Всё изменилось в одночасье, солнечным утром апрельского выходного дня. Они завтракали вместе, и сияющая Нино любовалась букетиком первоцветов, которые принес ей муж, специально ради того, чтобы нарвать их в саду, проснувшийся на полчаса раньше. Сделав глоток кофе, Нино вдруг побледнела, медленно поставила чашку на стол и приложила руку к животу. И тут же ощутила ещё один, лёгкий, но ощутимый толчок изнутри. Георгий, развлекавший жену историями из жизни соседей, произошедшими до её появления в этом доме, осёкся и встревоженно спросил:
- Что с тобой, милая?
- Мне кажется, у меня в животе шевелится что-то... Мне страшно...
- Ну что же, бояться совершенно нечего, - улыбнулся спустя час седой усатый сосед-фельдшер Ксенофонт Димитру, прямо домой к которому встревоженный Георгий отвёл трясущуюся от ужаса жену. Фельдшер неспешно вымыл руки после осмотра и вытер их свежим полотенцем, поданным его молоденькой женой-медсестрой, щеголяющей аккуратным животиком. - Это определённо не солитёр, а гораздо лучше. Это наследник или наследница.

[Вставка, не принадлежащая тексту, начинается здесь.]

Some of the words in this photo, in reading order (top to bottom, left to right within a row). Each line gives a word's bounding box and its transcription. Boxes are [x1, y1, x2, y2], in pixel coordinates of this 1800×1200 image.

Георгий вспыхнул было от радости, но тут же обмер, услышав ужас в дрожащем голосе жены:
- Ксенофонт, вы уверены, что это беременность?
- Абсолютно уверен, дорогая Ниночка. Ваш ребёнок редкостный хитрец, так долго скрывался: ни токсикоза, ни нагрубания груди, ни изменения пищевых пристрастий. Да и вы такая стройная, по вам не скажешь даже сейчас, что вы беременны. Если бы не шевеления, которые я почувствовал весьма отчетливо, я поставил бы меньший срок, но совершенно очевидно, что у вас уже не менее двадцатой недели. А точнее вам скажут в женской консультации. Возьмите, вот по этому направлению вас запишут к врачу.

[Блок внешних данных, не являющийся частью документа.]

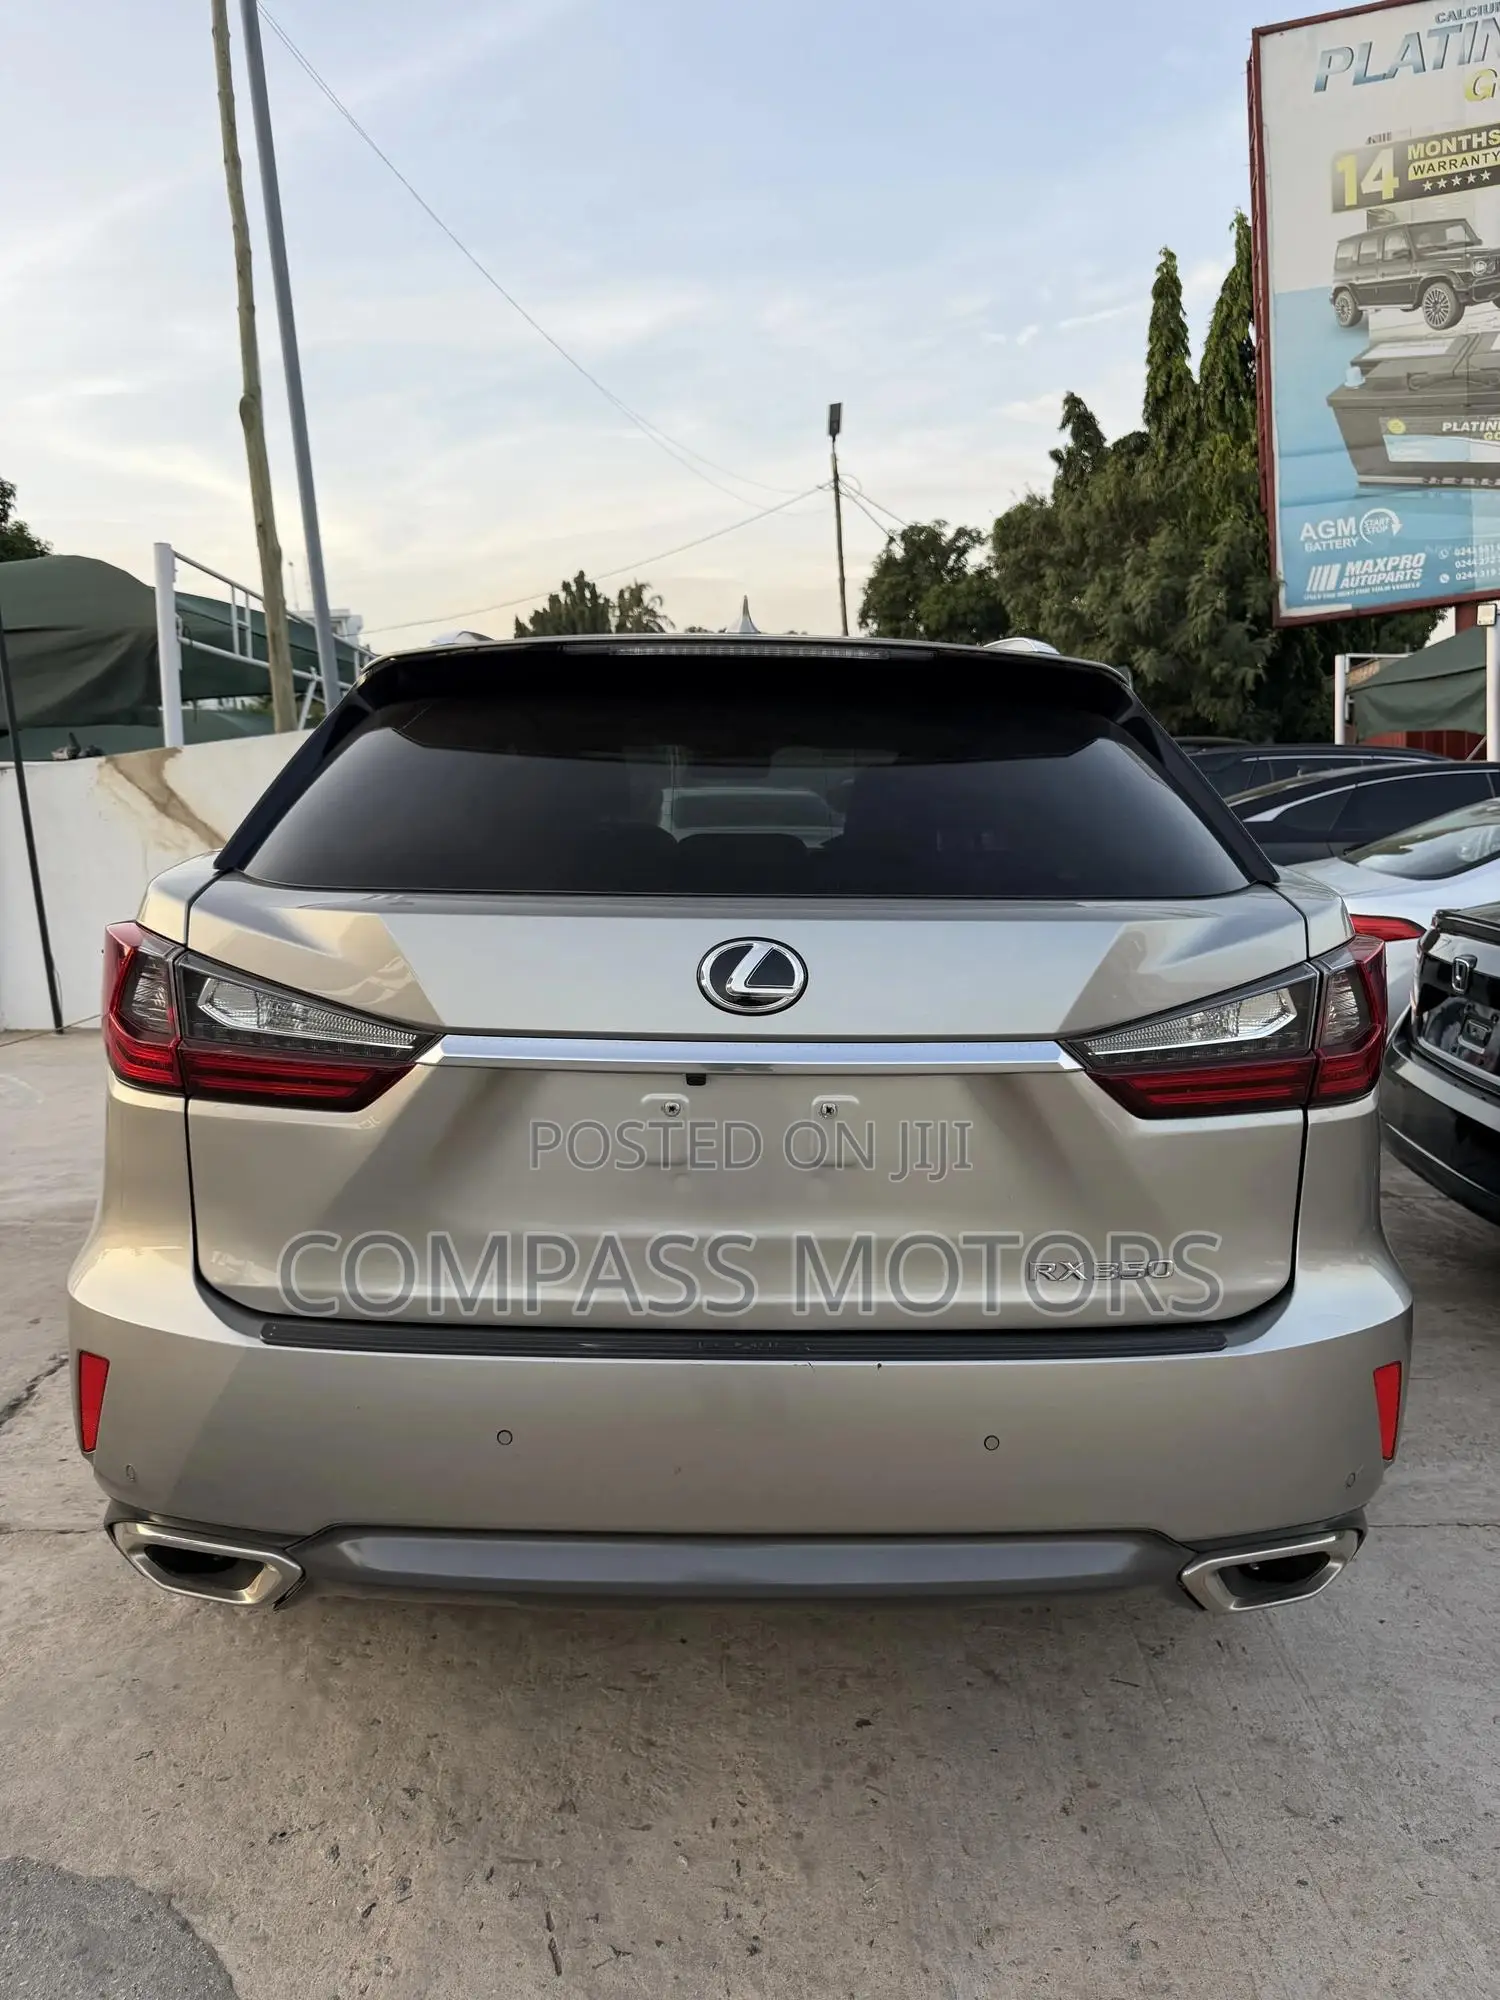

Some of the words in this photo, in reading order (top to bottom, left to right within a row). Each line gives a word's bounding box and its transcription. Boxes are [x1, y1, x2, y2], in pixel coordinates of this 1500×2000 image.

[1408, 129, 1500, 160] MONTHS
[1413, 151, 1500, 176] WARRANTY
[1336, 147, 1399, 206] 14
[1300, 516, 1357, 541] AGM
[1304, 536, 1359, 552] BATTERY
[1345, 553, 1426, 576] MAXPRO
[1340, 568, 1422, 589] AUTOPARTS
[1029, 1261, 1087, 1281] RX
[1094, 1259, 1174, 1280] 350

И он протянул ей листок желтоватой плохой бумаги со штампом районной амбулатории и нечитаемыми лекарскими закорючками.
- Как же так, мы же изо всех сил старались этого не допустить. - По лицу Нино катились крупные слёзы. - Ксенофонт, я не хочу, я боюсь рожать. Нельзя ли что-нибудь с ЭТИМ сделать?
Хотя Георгий и знал о паническом страхе жены, всё же вопреки этому знанию почувствовал, будто его ударили под дых. Его любимая Нино называла плод их страсти ЭТИМ. Она по-прежнему не желала появления дитя на свет и готова была на всё, лишь бы избавиться от малыша. Нет, Чача не настаивал бы на беременности, если бы она не наступила. Но теперь-то она есть, и ребёнок есть, и он уже живой и толкается. Неужели его королева, любовь его жизни может так безжалостно желать смерти невинному существу?
- С ЭТИМ, Ниночка, сейчас уже никто не возьмётся что-то делать без медицинских показаний. Да и с ними - очень вряд ли. Даже нелегально* вас никто не возьмёт, слишком большой срок.